План советского командования, конечно, нельзя назвать шедевром военного искусства. Он основывался не на тактических изысках ратного мастерства, а на простой идее использования численного преимущества — притом оборонительного, а не наступательного, — и на надежде, что в бесконечном лабиринте укреплений Вермахт забуксует, завязнув в грудах земли, бетона, железа и солдатских тел. После того как немцы выдохнутся, предполагалось, перейти в стремительное контрнаступление — разгромить и отбросить обескровленного неприятеля как можно дальше к границе.
Курская битва началась рано утром 5 июля. Немецкие клинья мощными таранами обрушились на войска Рокоссовского и Ватутина. Оба фронта затрещали, однако все же выдержали первый удар.

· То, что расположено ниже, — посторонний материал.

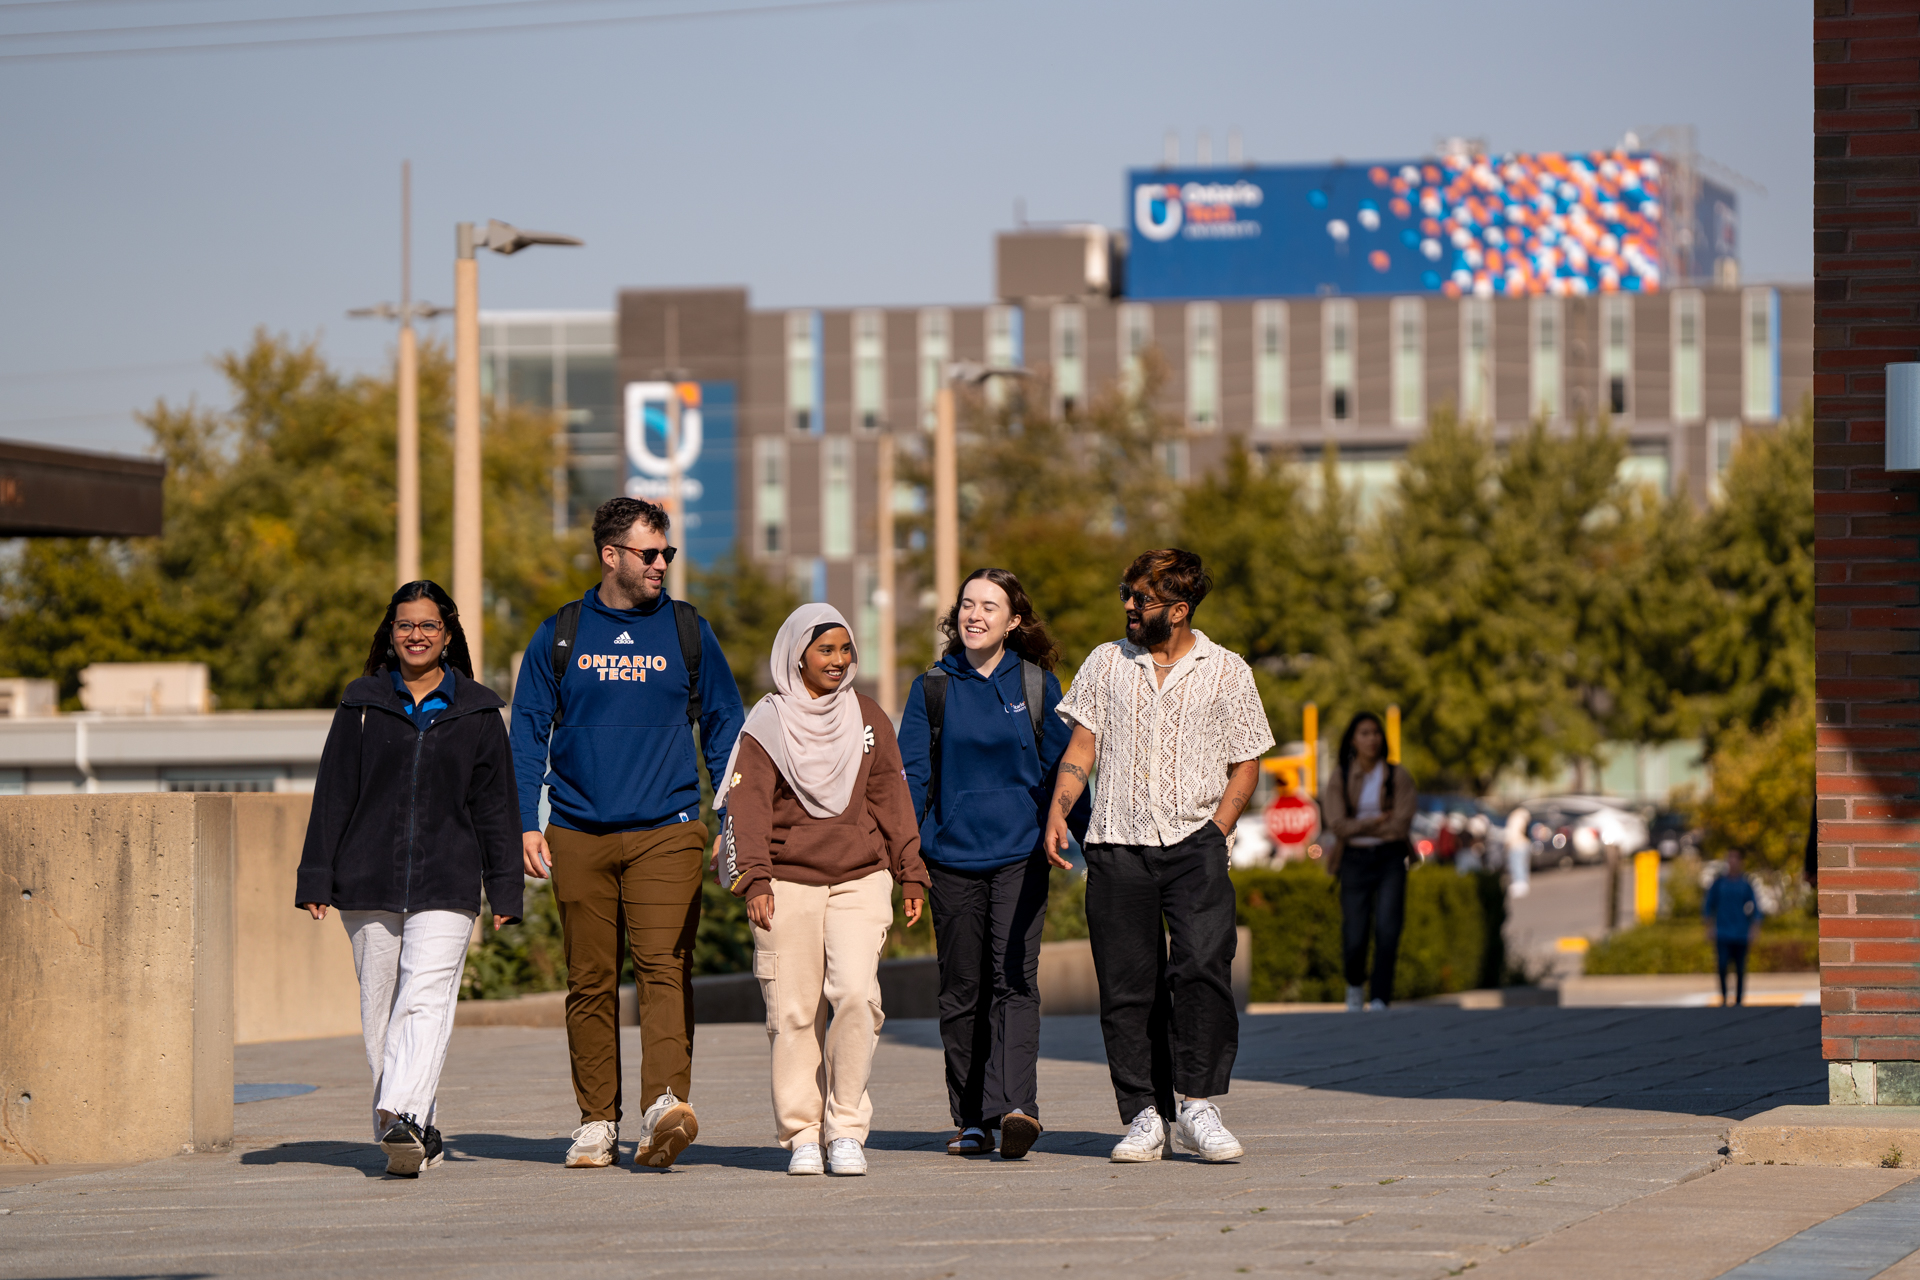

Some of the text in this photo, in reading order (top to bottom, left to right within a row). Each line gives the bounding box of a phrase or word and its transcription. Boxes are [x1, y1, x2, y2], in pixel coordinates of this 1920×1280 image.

[577, 653, 667, 672] ONTARIO
[597, 667, 646, 683] TECH
[1266, 805, 1316, 834] STOP

После этого германские дивизии сменили тактику и принялись планомерно расшатывать советскую оборону, бросив в бой новейшие образцы вооружения — авиационного, артиллерийского, стрелкового. Самые большие ожидания гитлеровцы связывали с танками и самоходными орудиями — главной ударной силой сухопутных войск той эпохи. Одно из основных мест при этом отводилось «тиграм», «пантерам» и «слонам» — последним моделям бронетанковой техники.

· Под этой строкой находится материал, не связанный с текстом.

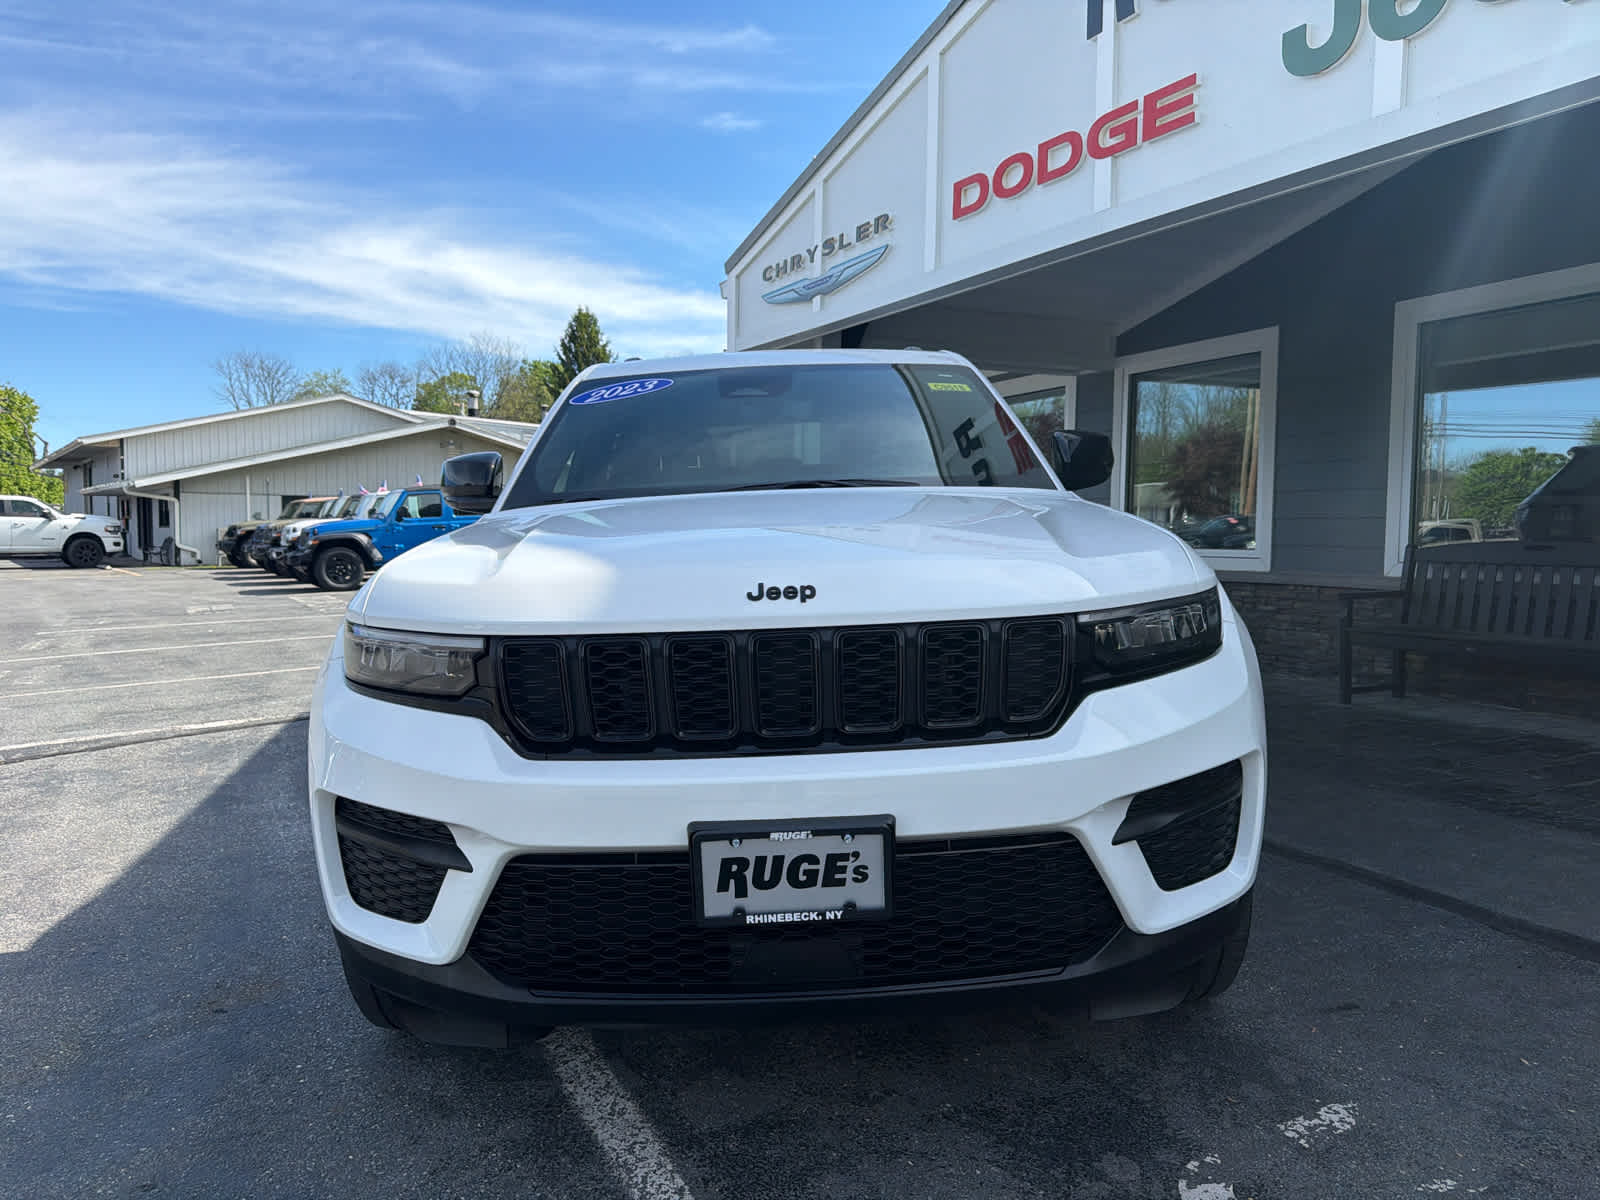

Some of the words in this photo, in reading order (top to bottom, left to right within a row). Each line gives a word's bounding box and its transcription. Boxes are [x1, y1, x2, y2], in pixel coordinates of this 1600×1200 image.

[952, 72, 1198, 221] DODGE
[763, 213, 891, 282] CHRYSLER
[583, 379, 660, 403] 2023
[746, 581, 817, 604] Jeep
[716, 850, 869, 899] RUGE's
[825, 910, 844, 920] NY

Но германская промышленность уже не могла обеспечить необходимым количеством машин все театры боевых действий. Статистика свидетельствует, что около 2600 танков и штурмовых орудий Вермахта в начале июля 1943 находились в различных районах Германии и оккупированной ею территории Западной и Центральной Европы[513]. Окажись хотя бы часть из них под Курском — трудно сказать, как бы развивались там события, Еще более показательна ситуация с авиацией. Свыше половины наличного состава Люфтваффе действовали против союзников, неся там куда большие потери, чем в России. К примеру, если за июль 1943-го над Курской дугой немцы потеряли 588 самолетов, то в боях с англо-американцами за Сицилию в том же месяце они недосчитались 711 крылатых машин, а в битве над Гамбургом — с теми же англосаксами — в это же время потеряли еще 528 авиаединиц[514]. Столь серьезный суммарный урон превысил возможности воспроизводства. Следует также добавить, что к июлю немецкие заводы успели выпустить не так уж и много нового вооружения.

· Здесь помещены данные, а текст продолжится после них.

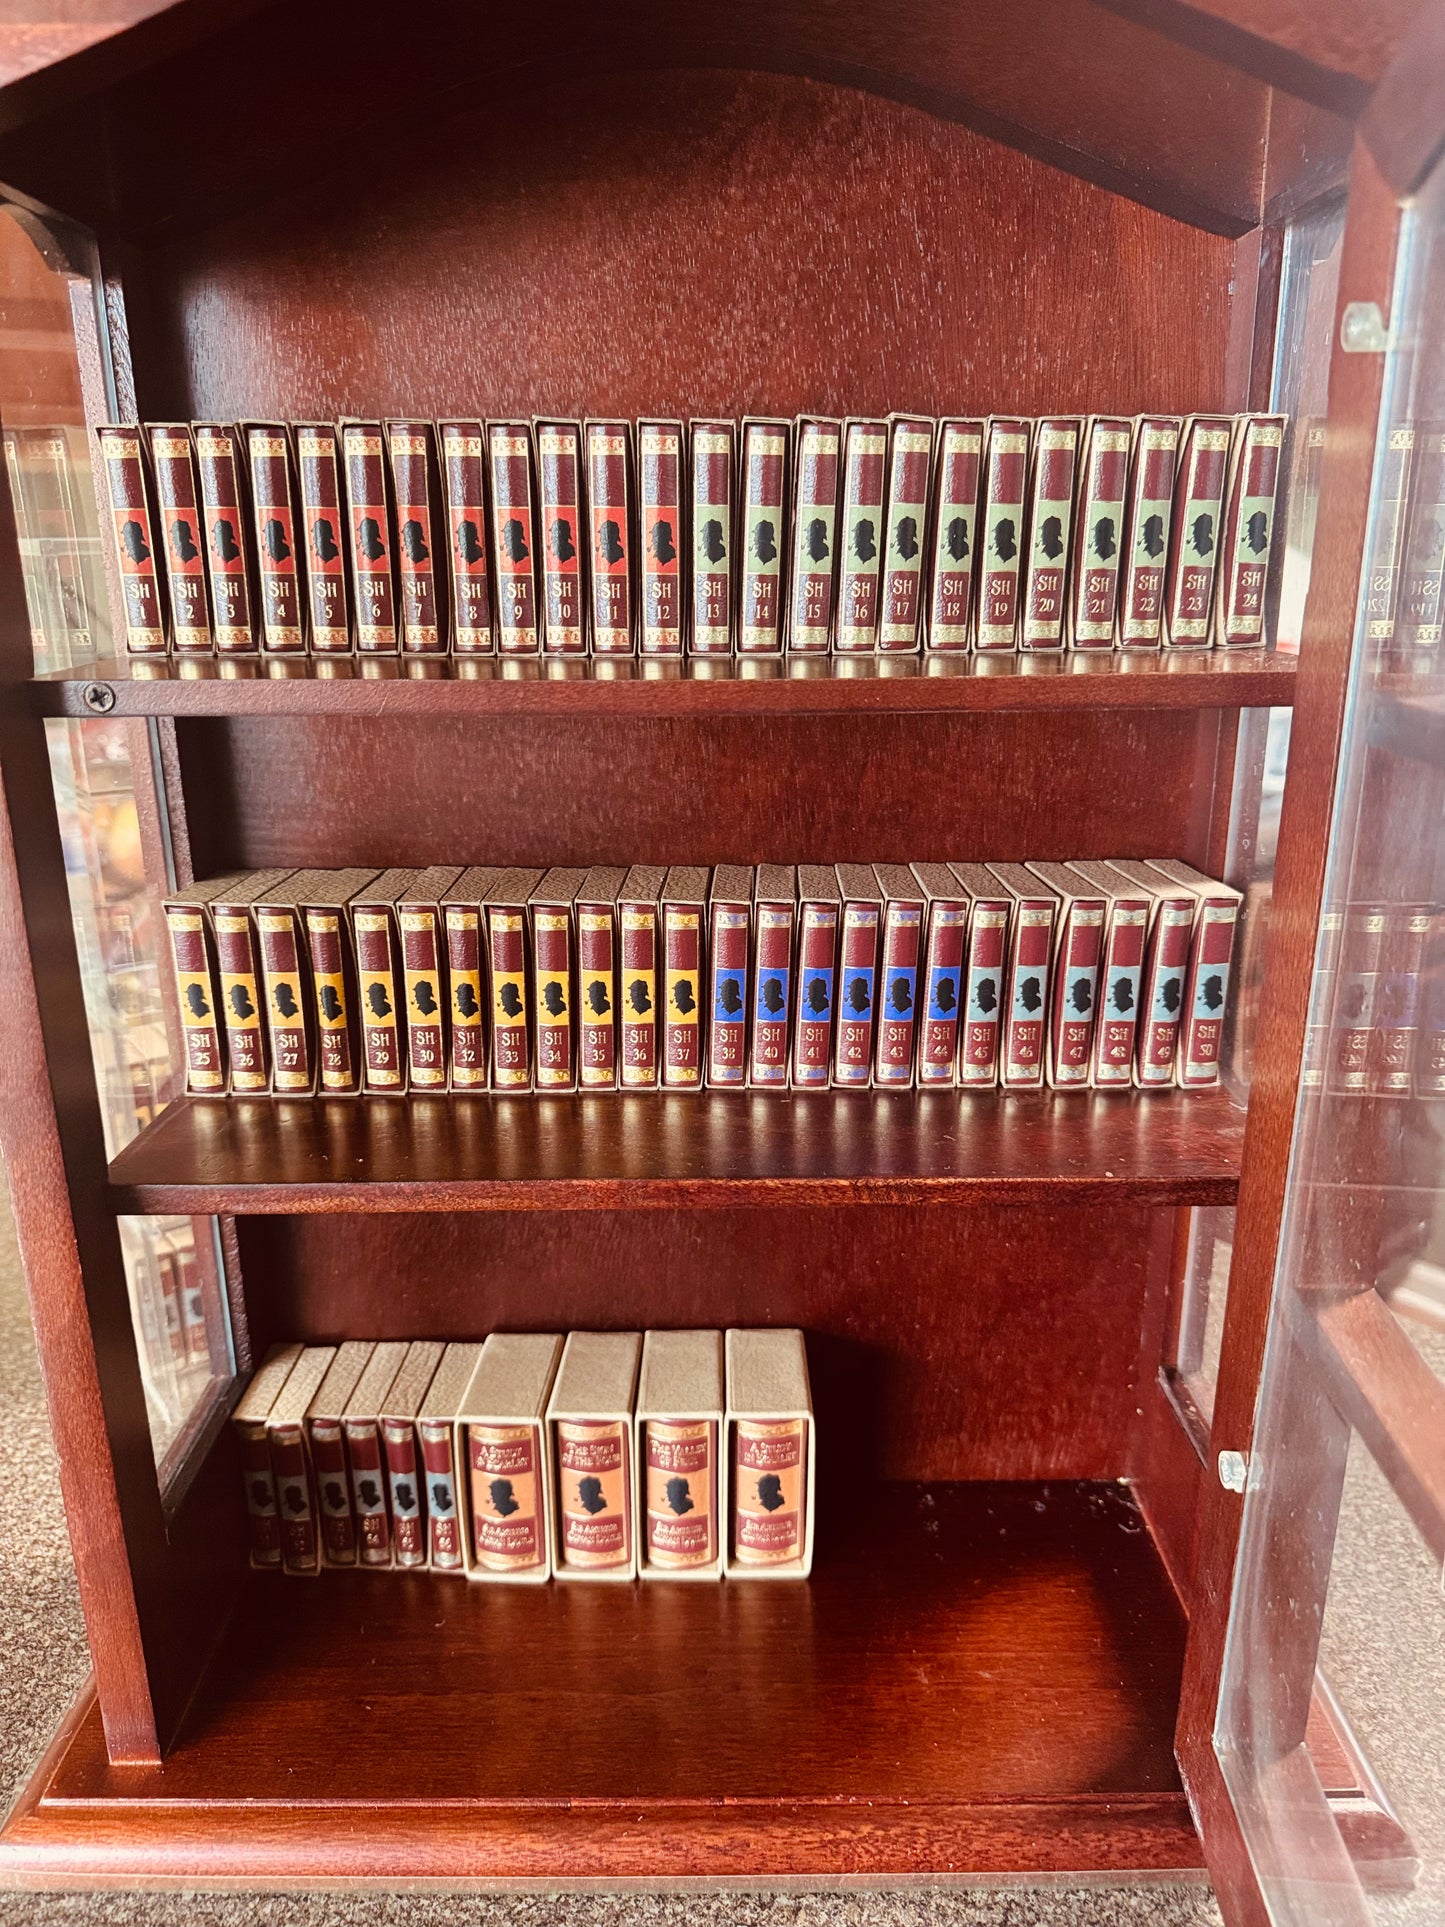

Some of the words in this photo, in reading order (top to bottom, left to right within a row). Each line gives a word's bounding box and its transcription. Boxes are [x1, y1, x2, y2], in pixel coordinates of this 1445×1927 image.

[1038, 576, 1057, 592] SH
[1090, 576, 1109, 592] SH
[1139, 575, 1158, 590] SH
[1187, 574, 1206, 590] SH
[1242, 572, 1261, 587] SH
[130, 583, 150, 598] SH
[177, 583, 198, 598] SH
[219, 582, 239, 597] SH
[268, 582, 289, 597] SH
[317, 583, 337, 598] SH
[364, 581, 384, 596] SH
[406, 581, 426, 596] SH
[461, 583, 481, 598] SH
[507, 583, 527, 598] SH
[552, 582, 572, 597] SH
[600, 583, 620, 598] SH
[652, 583, 671, 598] SH
[702, 582, 721, 597] SH
[752, 582, 771, 598] SH
[804, 581, 823, 597] SH
[851, 581, 870, 597] SH
[893, 579, 912, 595] SH
[944, 580, 962, 596] SH
[991, 580, 1010, 596] SH
[1039, 598, 1054, 612] 20
[1091, 600, 1104, 613] 21
[1140, 598, 1154, 611] 22
[1188, 598, 1202, 610] 23
[1242, 594, 1257, 607] 24
[186, 605, 194, 619] 2
[228, 604, 235, 618] 3
[277, 604, 286, 617] 4
[325, 605, 333, 618] 5
[372, 604, 381, 617] 6
[416, 603, 422, 617] 7
[470, 606, 478, 620] 8
[515, 606, 522, 620] 9
[557, 604, 570, 618] 10
[606, 606, 618, 620] 11
[657, 606, 670, 619] 12
[707, 604, 720, 618] 13
[756, 605, 769, 619] 14
[808, 604, 820, 618] 15
[854, 604, 868, 618] 16
[896, 602, 909, 616] 17
[946, 603, 960, 616] 18
[994, 603, 1008, 616] 19
[416, 1032, 434, 1045] SH
[458, 1032, 475, 1045] SH
[544, 1032, 562, 1045] SH
[589, 1031, 606, 1044] SH
[630, 1030, 648, 1043] SH
[674, 1030, 691, 1043] SH
[720, 1028, 737, 1042] SH
[762, 1028, 780, 1041] SH
[806, 1028, 823, 1041] SH
[846, 1028, 864, 1041] SH
[888, 1028, 906, 1041] SH
[932, 1027, 950, 1040] SH
[973, 1028, 990, 1042] SH
[1018, 1028, 1036, 1040] SH
[1068, 1028, 1086, 1042] SH
[1109, 1028, 1128, 1040] SH
[1156, 1028, 1174, 1041] SH
[1198, 1026, 1216, 1038] SH
[190, 1034, 210, 1048] SH
[234, 1035, 252, 1048] SH
[278, 1035, 298, 1048] SH
[324, 1035, 340, 1048] SH
[371, 1033, 390, 1046] SH
[502, 1032, 520, 1046] SH
[420, 1050, 434, 1062] 30
[461, 1050, 475, 1062] 32
[506, 1051, 518, 1062] 33
[548, 1050, 561, 1062] 34
[592, 1049, 604, 1062] 35
[633, 1048, 646, 1060] 36
[677, 1048, 690, 1060] 37
[722, 1048, 735, 1059] 38
[764, 1046, 778, 1058] 40
[808, 1046, 820, 1058] 41
[848, 1047, 861, 1058] 42
[890, 1047, 903, 1058] 43
[934, 1046, 948, 1056] 44
[975, 1047, 988, 1058] 45
[1158, 1047, 1170, 1058] 49
[196, 1053, 210, 1065] 25
[239, 1054, 254, 1066] 26
[283, 1053, 298, 1065] 27
[328, 1054, 341, 1066] 28
[376, 1052, 389, 1064] 29

Из танков под Курск смогли попасть всего 178 «тигров», 204 «пантеры» и 90 «слонов» (последние, строго говоря, являлись не танками, а истребителями танков — «старшим родственником» наших самоходно-артиллерийских установок, и в бывшем Советском Союзе были более известны под наименованием «фердинанд»). Вся остальная бронетанковая техника Вермахта состояла из машин старых марок.
Тем не менее, первые дни битвы особого оптимизма в сердца красноармейских генералов не вселили. Немцы, хотя и медленно, однако неотвратимо преодолевали глубоко эшелонированную оборону. Советская сторона сразу же начала бросать в бой громадные резервы. Своей кульминации кризисная обстановка достигла к 12 июля. Именно в этот день состоялось знаменитое танковое сражение под Прохоровкой, традиционно, еще со сталинских времен, трактуемое у нас в стране, как несомненная и решительная победа над гитлеровцами. Впрочем, если принять за критерий оценки материальные итоги боя, то вывод напрашивается иной.
Основу советских бронетанковых войск составляли средние танки Т-34, которые в 1941 году по всем параметрам превосходили германскую технику. Однако проведенная немцами в 1942 году модернизация своих старых машин лишила «тридцатьчетверки» былого преимущества, а появление у неприятеля новейшего бронированного «зоопарка» вообще резко изменило ситуацию. Использовать прежнюю тактику боя было уже нельзя. Известнейший писатель-фронтовик Василь Быков, вспоминая те дни, рисовал следующую печальную картину:
«Средний танк Т-34, в общем неплохой, маневренный, с хорошим и сильным двигателем, имел слабую броню и при скверной 76-мм пушке становился легкой добычей немецкого противотанкового оружия и особенно тяжелых танков типа „тигр“. Преимущество последних особенно проявлялось в обороне, при отражении наступления наших „тридцатьчетверок“. Великолепная цейсовская оптика и мощная пушка позволяли „тиграм“ с дальнего расстояния расправляться с десятками наших наступающих танков. Советские танкисты прямо-таки плакали с досады, когда наш танковый батальон, едва начав атаку (особенно на равнинной местности), попадал под огонь замаскированных где-нибудь в садках и сельских строениях „тигров“. Сразу загоралось несколько машин, подбитых танковыми болванками из „тигров“, в то время как сами „тигры“ оставались неуязвимы из-за дальности расстояния до них. Нередко происходили случаи, когда атакующие, поняв, что сблизиться на расстояние прямого выстрела не успеют, покидали машины и под огнем возвращались на исходный рубеж. Пока они его достигали, их машины уже горели. В конце концов, разгадав крамольную уловку танкистов, командование отдало приказ привлекать к суду военных трибуналов экипажи, вышедшие из огня в полном составе. Тогда танкисты пошли на новую хитрость: стали подъезжать к противнику ближе и покидать машины уже под пулеметным огнем из танков. Кто-то из них погибал или был ранен в открытом поле, но кое-кому удавалось пробраться к своим. Из подбитой же — подожженной — машины шансов выбраться было сравнительно меньше»[515].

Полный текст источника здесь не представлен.